Kurtis Scaletta's Site

Info about me and my books

“Go, little book!”
– Robert Louis Stevenson

The day I closed the book deal with Knopf nearly two years ago, my wife and I went to a baseball game. I don’t remember who the Twins played or who won that night. I do remember standing outside, waiting for the doors to open.

I was excited but nervous about my first book deal, because I wasn’t sure exactly what would happen. My agent was at that very moment talking to my future editor, hashing out the details, discussing abstract concepts like global versus North American rights and audio book rights and other things new authors haven’t dreamt of in their philosophies. I stopped fretting for a moment as a duckling hopped by us, close to the edge of the building, saying Peep! Peep! Peep! Peep!

The animal was obviously too young to be going to a baseball game by itself, and we realized in horror that it must be separated from its mother, and that it was sounding its homing device in hopes that she would come back. I suppose that Mama Duck was less than a mile away, making her own distressed quacking noises… they were just a mite too far apart to hear each other.

People are mean and careless, in many ways, but hop a helpless tiny peeping water fowl past them and they become neighborly and kind and eager to help. Concerned whispers rippled up and down the ragtag line. One woman was prepared to dump the contents of her purse to make a net (and by one woman, I mean, of course, my wife) while a man in his mid-thirties (not me) who’d found a cardboard box somewhere started cautiously approaching, ready to snare the fuzzy waif. “And then what?” was a crucial yet unconsidered part of both these schemes: what would either of them do? Take the creature inside with them and feed it popcorn?

Suddenly there was a strident beeping, and we parted to allow a kind of golf-cart to pass — the kind of vehicle TC Bear drives around inside the dome, and perhaps that very vehicle, but the playing surface at the Dome is seventy-odd rows and two decks below street level, so it must have taken them time to haul it up and get it outside. Two men wearing Twins-logoed polo shirts and official-looking ID badges drove toward the bird, scooped it up in a butterfly net (perhaps a prop for one of TC Bear’s shenanigans?), and drove away. People hushed and muttered, but one of the guys in the golf cart half-stood and announced as the cart disappeared around the bend that the duck would be taken to nearby Loring Park, a haven for ducks and geese.

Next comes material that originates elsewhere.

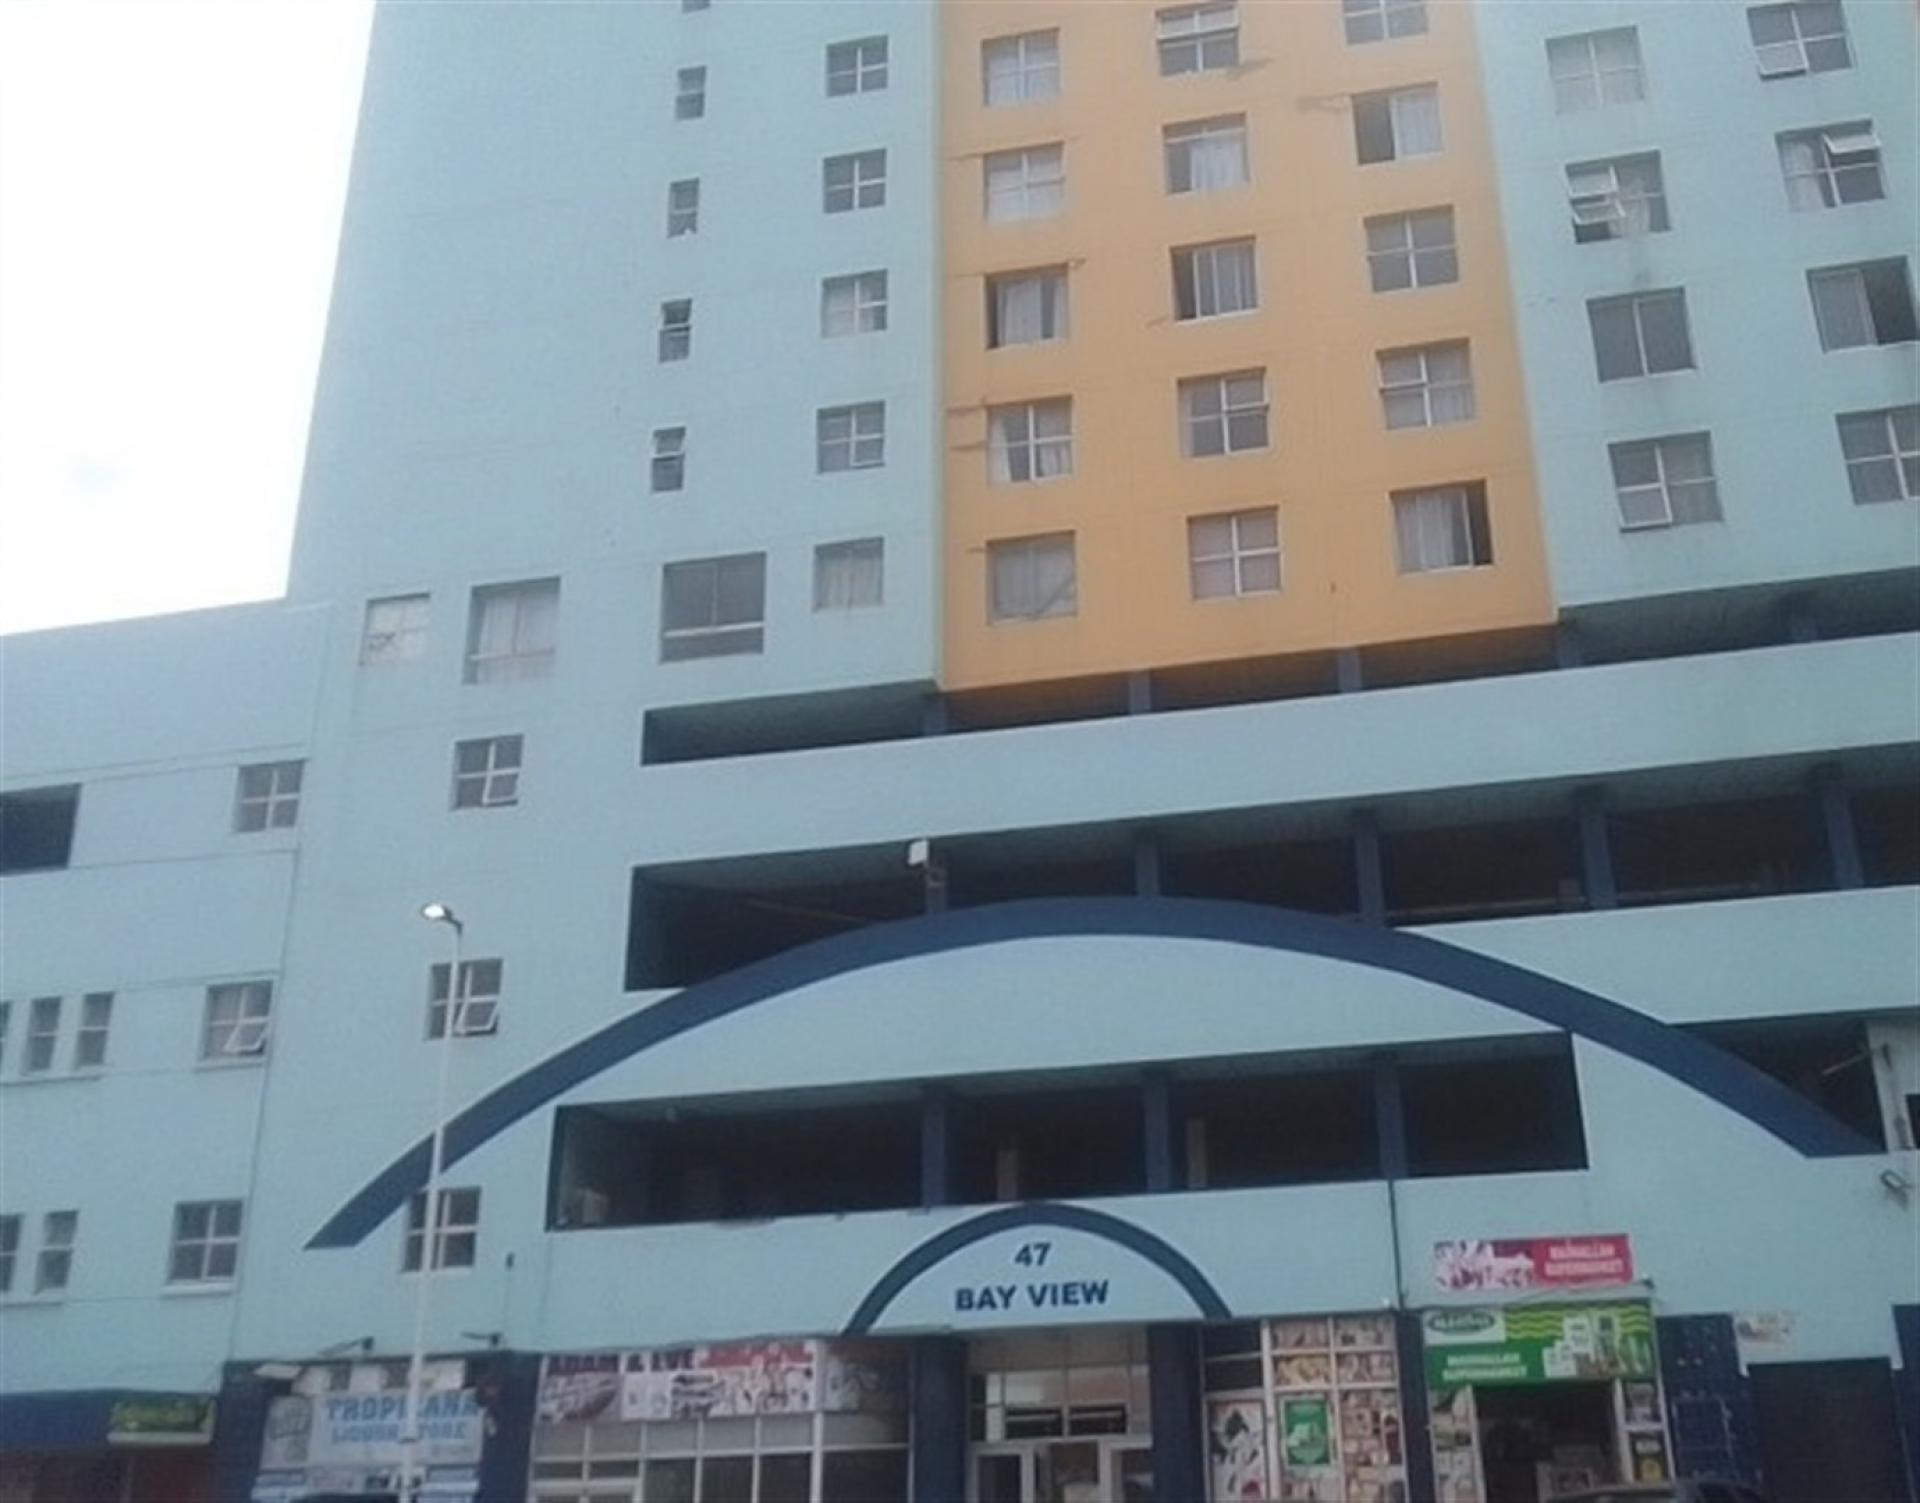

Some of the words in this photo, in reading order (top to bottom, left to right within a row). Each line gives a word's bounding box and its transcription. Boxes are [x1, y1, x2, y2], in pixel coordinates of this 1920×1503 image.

I felt then, and now, that the fates of that duckling and my book were inexorably bound, as all things must eventually swim and/or fly on their own, to make it or die trying in a world that is fraught with peril… but also a world filled with kind-hearted people who may not use their turn signals and may selfishly slash a dozen jobs before calling it a day, but most of whom, when they see such a small, helpless creature as a motherless duckling or a debut novel struggling by on its own — clearly in need of companionship, and sounding its high lonesome Peep! — those people start emptying their purses to make a little net and casting about for cardboard boxes, not thinking much ahead, but wanting to give at least one little orphan a home.

4 thoughts on “Books and Ducklings

  1. beth says:

    The story about the duckling made my day.

    I’m excited that the book is coming out!

  2. Here’s hoping that, if there must be high lonesome beeping, it is the sound of your book being scanned at cash registers nationwide!

  3. The thoughts behind this blog shine in your book, Kurtis. I’m thrilled to carry Mudville into booktalks and book meetings wherever I go … hope this Drop Date is a good one for you.

  4. Kurtis says:

    Thanks, all. I’ve honestly been planning this blog post since I saw that duckling 20 months ago.